Four Hundred Dollar Consultation Fees Mean Class Warfare in the Cannabis Movement
“It was alleged that the only way I could make my fortune was to become an advocate and, still worse, an ecclesiastical advocate, because I was considered to be gifted in speaking. If the question had been given due consideration I should have been allowed to do as I wished and become a physician, in which profession quackery is even more effective than it is in legal practice. I practiced neither profession; and it could not be otherwise. Perhaps this is why I have never wished either to employ advocates when I happened to have legal claims to present in court or to call in physicians when I was ill. Legal squabbling ruins more families than it supports; and those who die killed by physicians are far more numerous than those who are cured. It follows that mankind would be far less wretched without these two breeds.”
– Giacomo Casanova, History of my Life
“Well, have they cure you?” his companion answered, “No, they haven’t.”
“Ha! You must have wasted a lot of money over it, and we believe them over here”.
– Fyodor Dostoyevsky, The Idiot
My friends who are not currently in jail have been keeping me up-to-date on the current debates within the cannabis movement. Apparently, the debate at the moment is whether it is fair for a doctor to charge $400 for a consultation fee to each cannabis smoker seeking a recommendation to use cannabis, rather than charge taxpayers $140 and risk raising the ire of the establishment in the process.
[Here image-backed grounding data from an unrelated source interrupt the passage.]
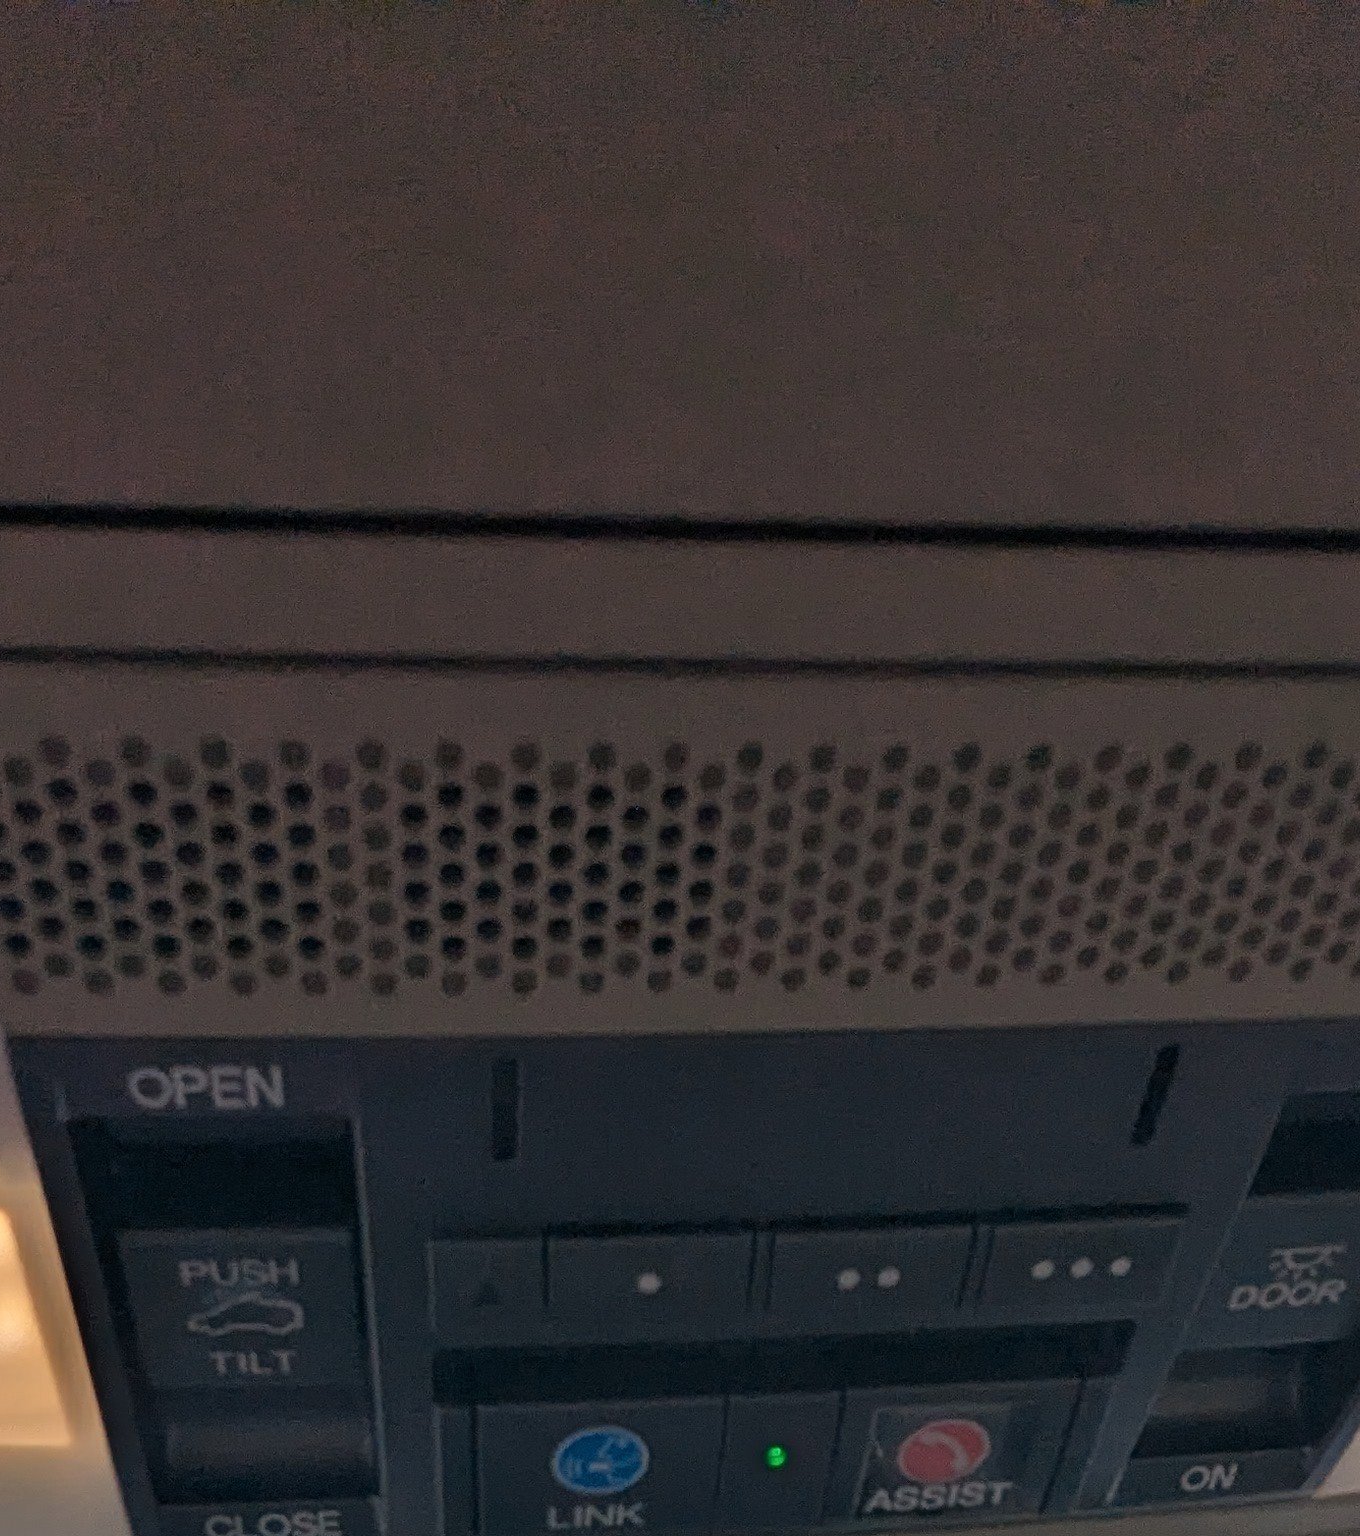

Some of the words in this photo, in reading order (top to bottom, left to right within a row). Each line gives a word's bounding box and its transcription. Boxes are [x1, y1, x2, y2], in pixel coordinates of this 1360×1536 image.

[127, 1066, 285, 1109] OPEN
[179, 1259, 300, 1287] PUSH
[1228, 1279, 1347, 1310] DOOR
[210, 1350, 298, 1376] TILT
[1180, 1464, 1238, 1491] ON
[864, 1481, 1013, 1513] ASSIST
[548, 1503, 643, 1529] LINK
I, as a socialist, think the idea of having to pay even 5 cents for a measure of human autonomy that should be everyone’s birthright is too much money. But, given that the only two choices being debated are $400 to the individual or $140 to the taxpayer, I’d have to go with the $140 option.
To be clear, I still believe there should be doctors and lawyers despite my choice of quotes for this weeks topic, but, to paraphrase the doctor in the movie Sicko, maybe they only need one or two cars instead of three or four.
It seems to me the problem stems from charging people so much money to go to law school or medical school in the first place. If education were subsidized as it is in many European countries there wouldn’t be massive student loans to pay off, or massive attitudes of entitlement and privilege to contend with. If doctors and lawyers were paid less, say ten times the minimum wage instead of 40 or 50 or 100 times, the profession might attract those who are focused more on helping people than on making money.
One last point I feel is worth mentioning: the traditional way of defeating social justice movements, human rights movements, and nationalistic movements is to divide them. The easiest way to do that is along class lines. This is why I believe all members of the cannabis movement should oppose $400 consultation fees and $1000 fines for third time possession. The moment isn’t here just for the rich cannabis users; it is here for all cannabis users.
David Malmo-Levine is a Vancouver marijuana activist incarcerated at the Fraser Regional Correctional Centre in Maple Ridge, BC, for his establishment of the Vancouver Herb School. Please click here and here for more information on David’s case.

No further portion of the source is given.